Another area where budget cuts are affecting public school athletic programs is in coaching.

Schools are losing good coaches due to layoffs, teachers giving up on coaching and quality walk-ons getting tougher to find and keep.

“Due to seniority issues, we lost two teacher-coaches this year,” Feldhaus said. “Our walk-on coaches are also feeling the pinch of cutting back their coaching time to make sure their day jobs are secure.”

He added, “When I was a student at DP in the ‘80s, most of the coaching positions were filled by DP staff members.
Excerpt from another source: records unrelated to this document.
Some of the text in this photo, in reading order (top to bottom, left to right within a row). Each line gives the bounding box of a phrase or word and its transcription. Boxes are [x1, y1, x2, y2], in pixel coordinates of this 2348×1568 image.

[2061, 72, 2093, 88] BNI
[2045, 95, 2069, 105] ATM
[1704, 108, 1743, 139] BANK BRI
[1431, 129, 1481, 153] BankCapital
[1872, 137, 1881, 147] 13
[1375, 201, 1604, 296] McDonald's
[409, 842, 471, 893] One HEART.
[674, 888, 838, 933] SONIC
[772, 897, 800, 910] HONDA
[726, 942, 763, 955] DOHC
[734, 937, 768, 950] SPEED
Maybe someday we can go back to the days when more teachers were involved in extracurricular activities like coaching.”

Carpinteria Athletic Director John Ward is the boys basketball coach and is also a math teacher at the school.
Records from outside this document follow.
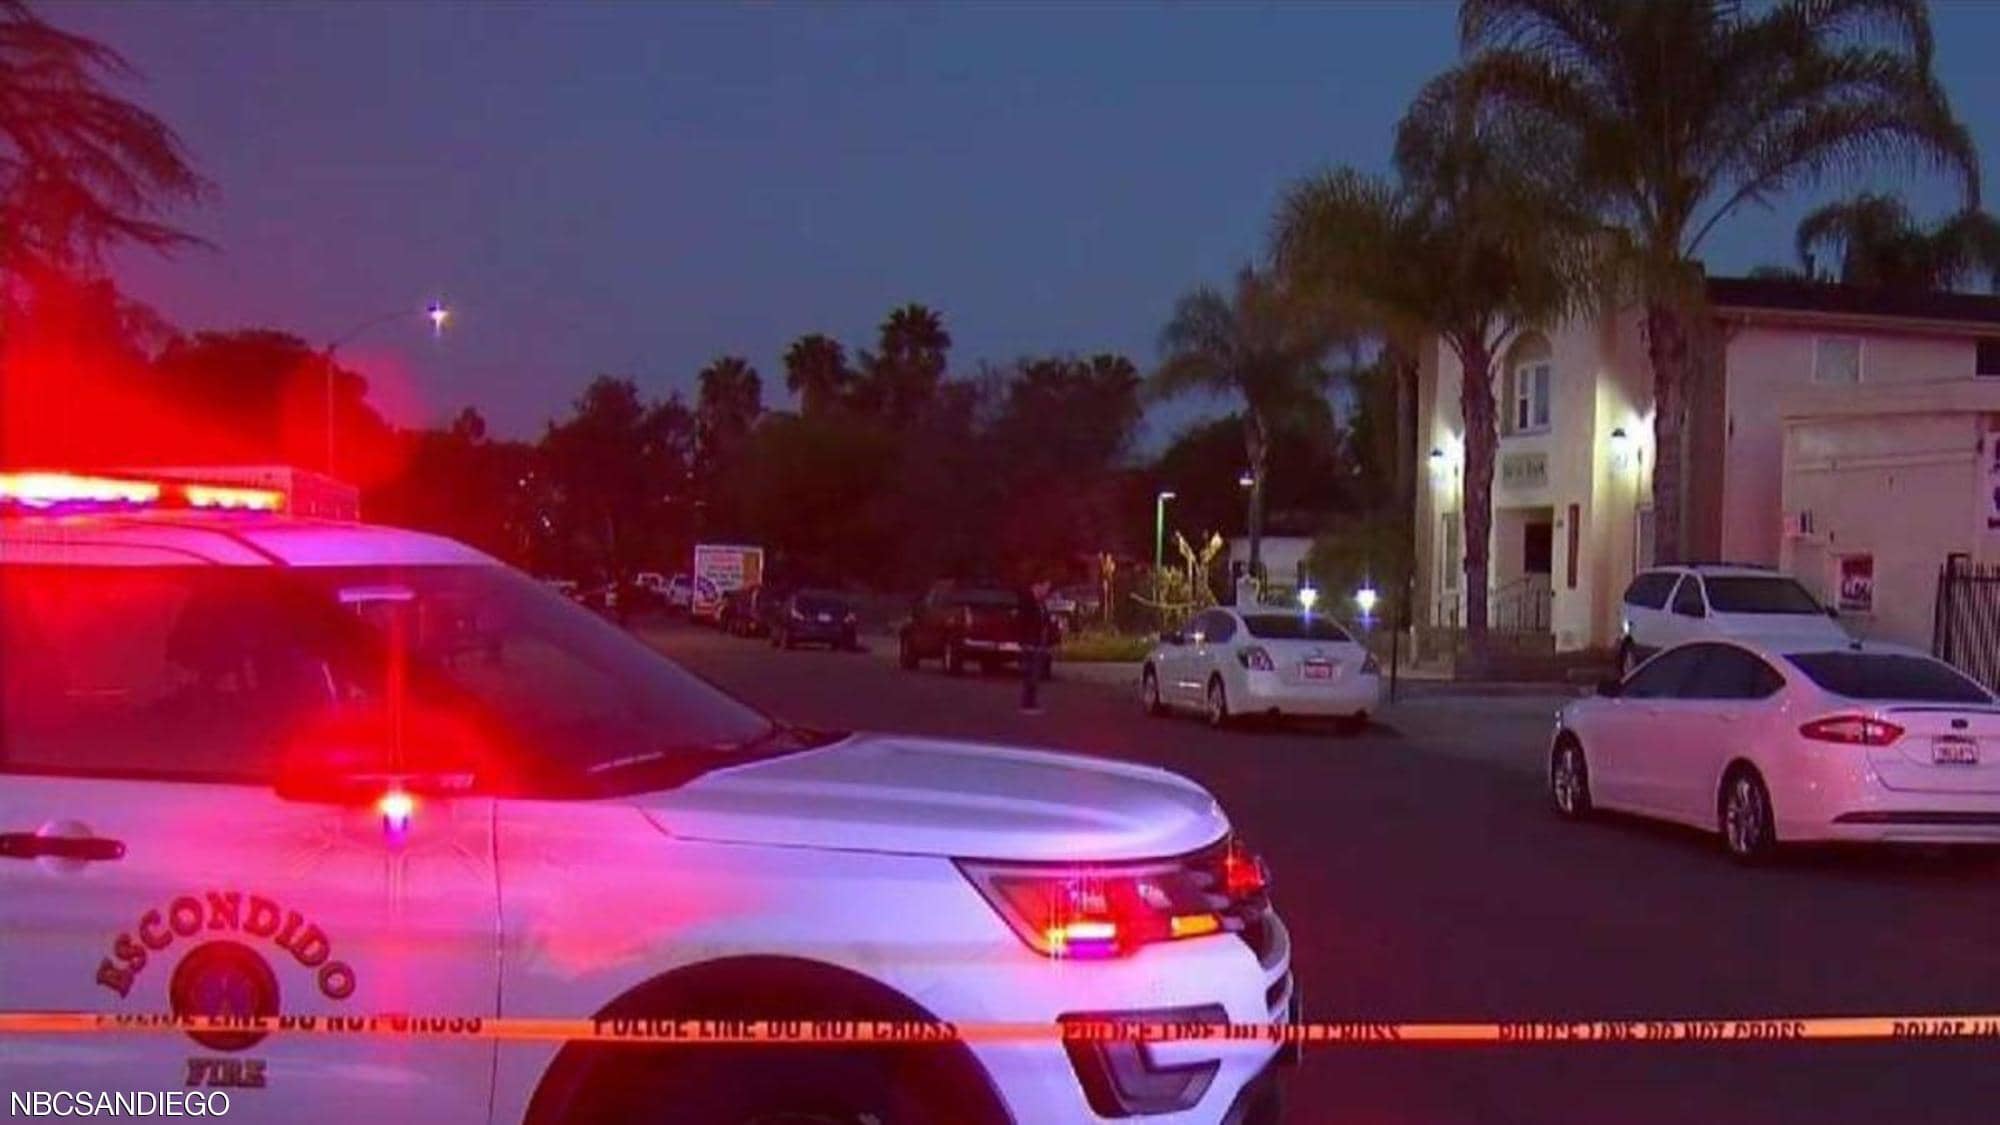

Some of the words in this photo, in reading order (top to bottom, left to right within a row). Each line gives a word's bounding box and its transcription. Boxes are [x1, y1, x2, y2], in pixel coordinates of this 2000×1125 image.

[96, 891, 357, 1000] ESCONDIDO
[594, 1018, 689, 1038] POLICE
[699, 1019, 757, 1038] LINE
[767, 1020, 801, 1038] DO
[186, 1058, 267, 1088] FIRE
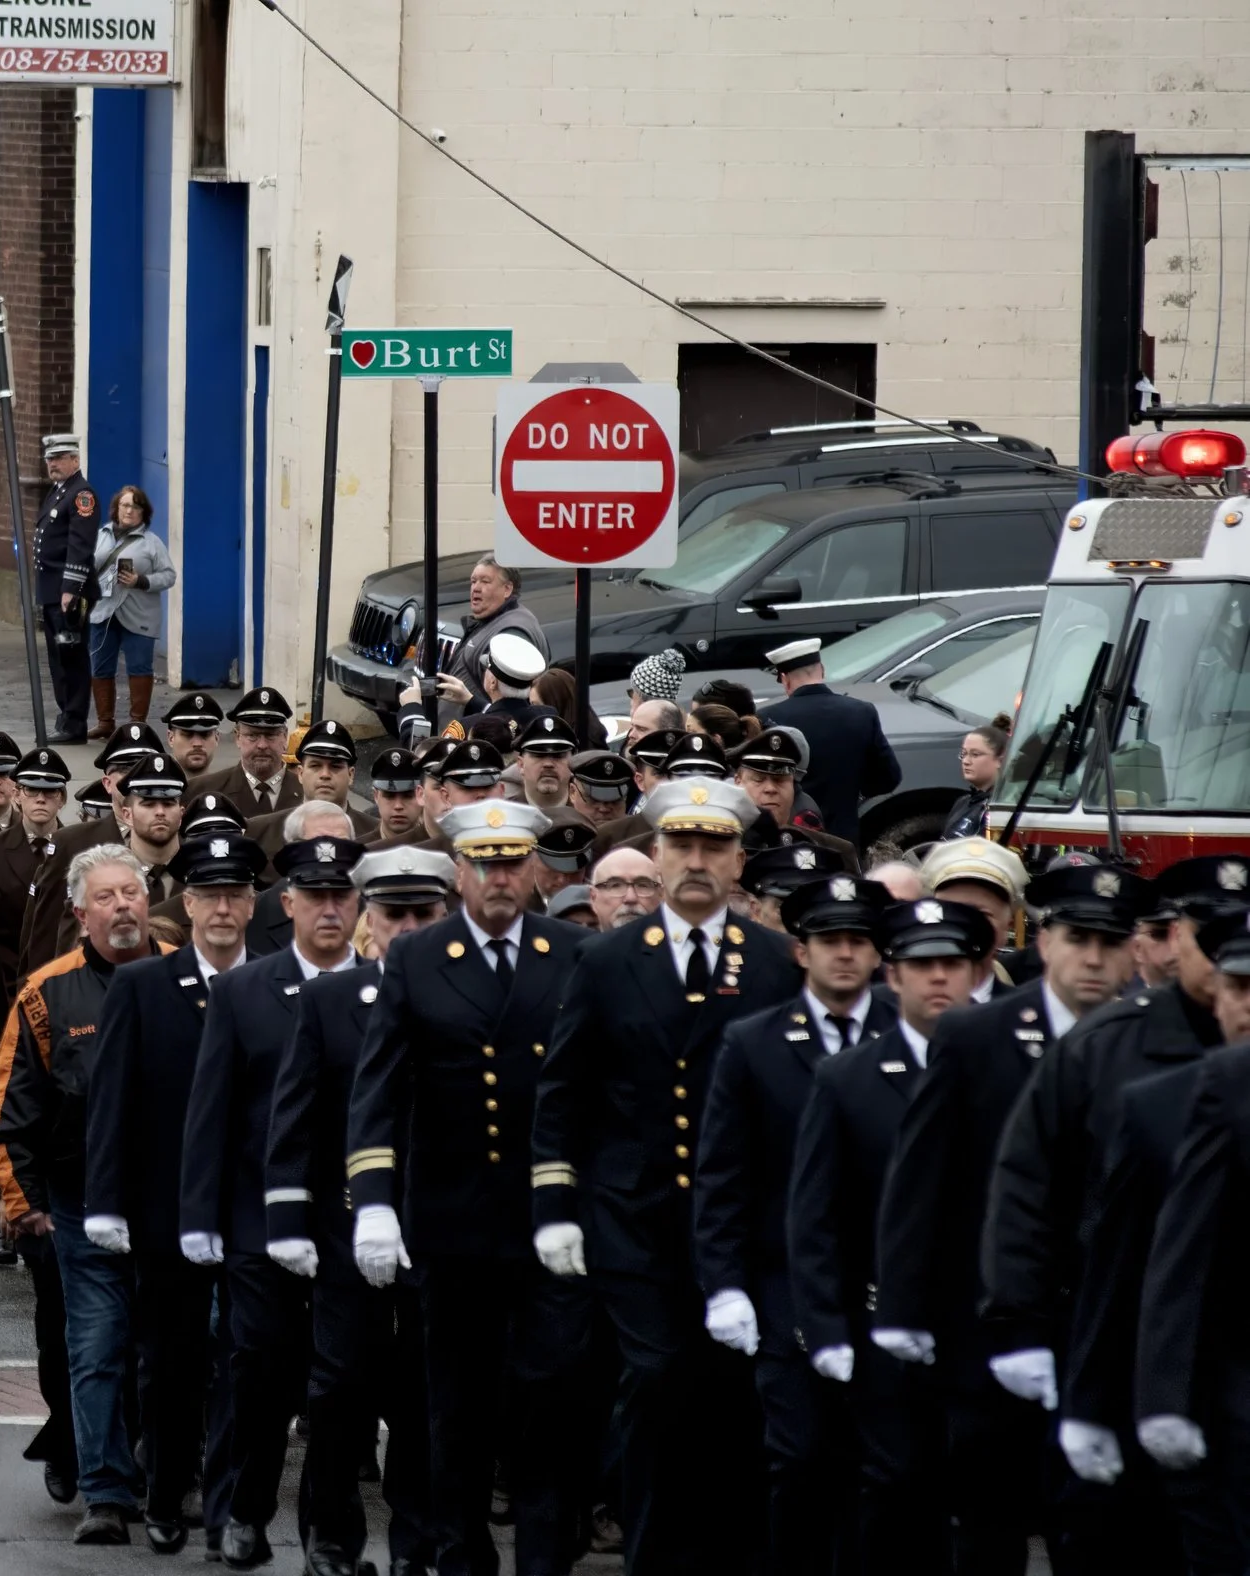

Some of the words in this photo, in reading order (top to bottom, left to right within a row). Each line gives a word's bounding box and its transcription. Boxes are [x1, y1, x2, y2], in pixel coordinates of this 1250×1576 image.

[380, 339, 481, 368] Burt
[488, 338, 507, 360] St
[528, 423, 569, 450] DO
[589, 423, 649, 450] NOT
[538, 502, 635, 529] ENTER
[69, 1024, 96, 1037] Scott
Ward, who doubles as Carpinteria’s boys basketball coach, also has noticed the decline in on-campus coaches.

“Fewer teachers are interested in coaching than in the past, which means that there are more walk-on positions,” he said. “We are extremely lucky at Carpinteria in that many of our head coaches are teachers and the walk-on coaches we have are excellent.
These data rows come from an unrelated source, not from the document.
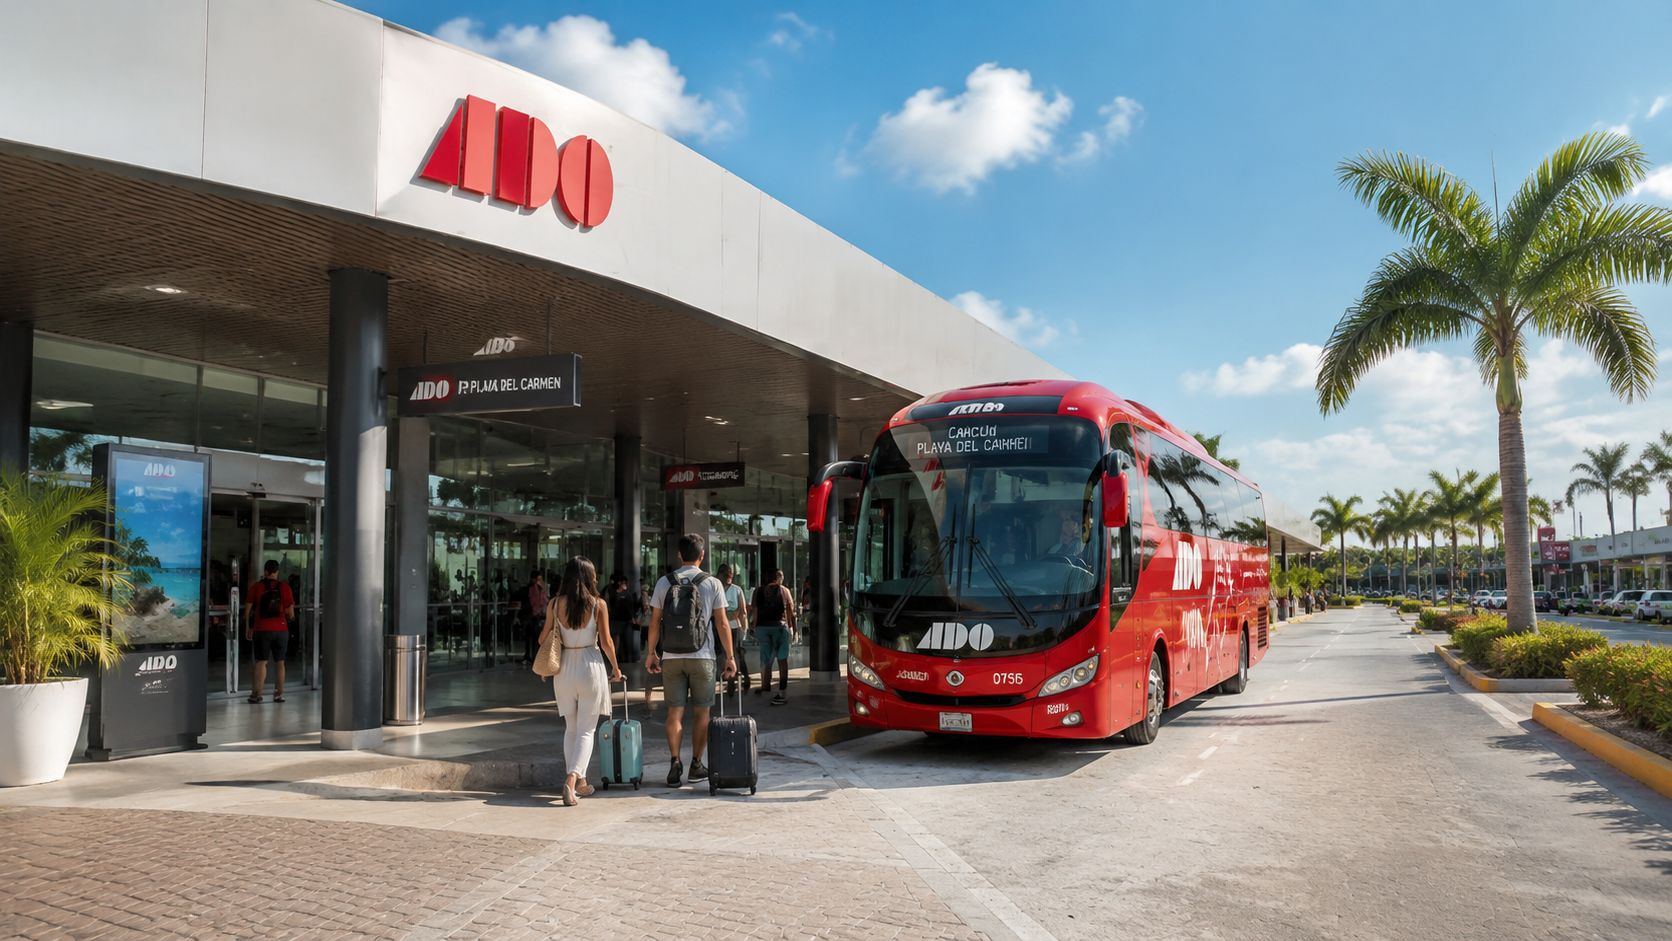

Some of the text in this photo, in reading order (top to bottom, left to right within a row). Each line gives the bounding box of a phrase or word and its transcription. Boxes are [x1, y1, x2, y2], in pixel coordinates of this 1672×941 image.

[419, 94, 614, 228] ADO
[409, 380, 450, 401] ADO
[520, 376, 561, 391] CARMEN
[916, 441, 953, 455] PLAYA
[956, 440, 979, 453] DEL
[1172, 541, 1203, 591] ADO
[916, 622, 995, 651] ADO
[138, 655, 178, 670] ADO
“It is very difficult to find an outstanding coach who will sacrifice the incredible amount of time needed to run a successful program for the amount of money they get paid,” Ward continued. “A typical walk-on coach needs to be able to work three hours a day (usually in the afternoon), 5-6 days a week, for a period of three months, for approximately $2,000-$3,000. The other nine months a successful coach is still involved in his program, dedicating a lot of time and effort into all the things needed to keep a program working.”

With school districts cutting back on funding athletics, booster clubs are the saving grace for athletic directors and coaches.

Said Feldhaus, “At Dos Pueblos, due to the efforts of our school-wide athletic booster club, the Charger Associates, the athletic department will cover most travel expenses, the cost of officials and the game management cost for all our teams.”

It’s a collaborative effort at Carpinteria.

“We are very fortunate at Carpinteria High School in that we have great community support and a tremendous booster club,” Ward said. “Without the help from our boosters, we would have to make severe cuts in our athletic program. Most of our fundraising is done by the booster club. All of our individual sports are asked to help with the booster club fundraisers and are willingly doing it.”

Another issue some athletic directors face these days is athletes specializing in one sport.

“There’s been a subtle change in emphasis of many high school programs from values education through team participation to more of a ‘club’ sport mentality where playing time and college scholarships are the main emphasis,” Ward said. “(But) I do not blame a lot of parents and athletes with college education costing what is does nowadays.”

Peeters said with CIF Southern Section rescinding the association rule, which allows a coach to work with athletes outside their given season, schools will probably see more athletes sticking to one sport.

Fortunately, for the coaches at Bishop, the majority of their student-athletes participate in multiple sports.

“The coaches at Bishop understand we must share our student-athletes, and embrace this reality,” Peeters said. “I am proud that student-athletes at Bishop can fully enjoy their high school experience, and benefit from the experience of playing multiple sports.”

Ransom has an issue with specialization from a medical point of view.

With a background as a former trainer in the NFL (New York Jets) and at a Division 1 university, Ransom said he’s “seen the number of athletes whose bodies fall apart before, or in their college career, increase significantly over the course of the last 15 years. And one of the factors that seem to crop up time and time again is the year-round club sport participation.

“Of course, most kids will improve their skills with dedication and hard work all year long, but at what cost?”

It may seem like a laundry list of concerns, but this is what athletic directors deal with day in and day out.

It’s become a tougher job, but they continue to do it for the benefit of the kids.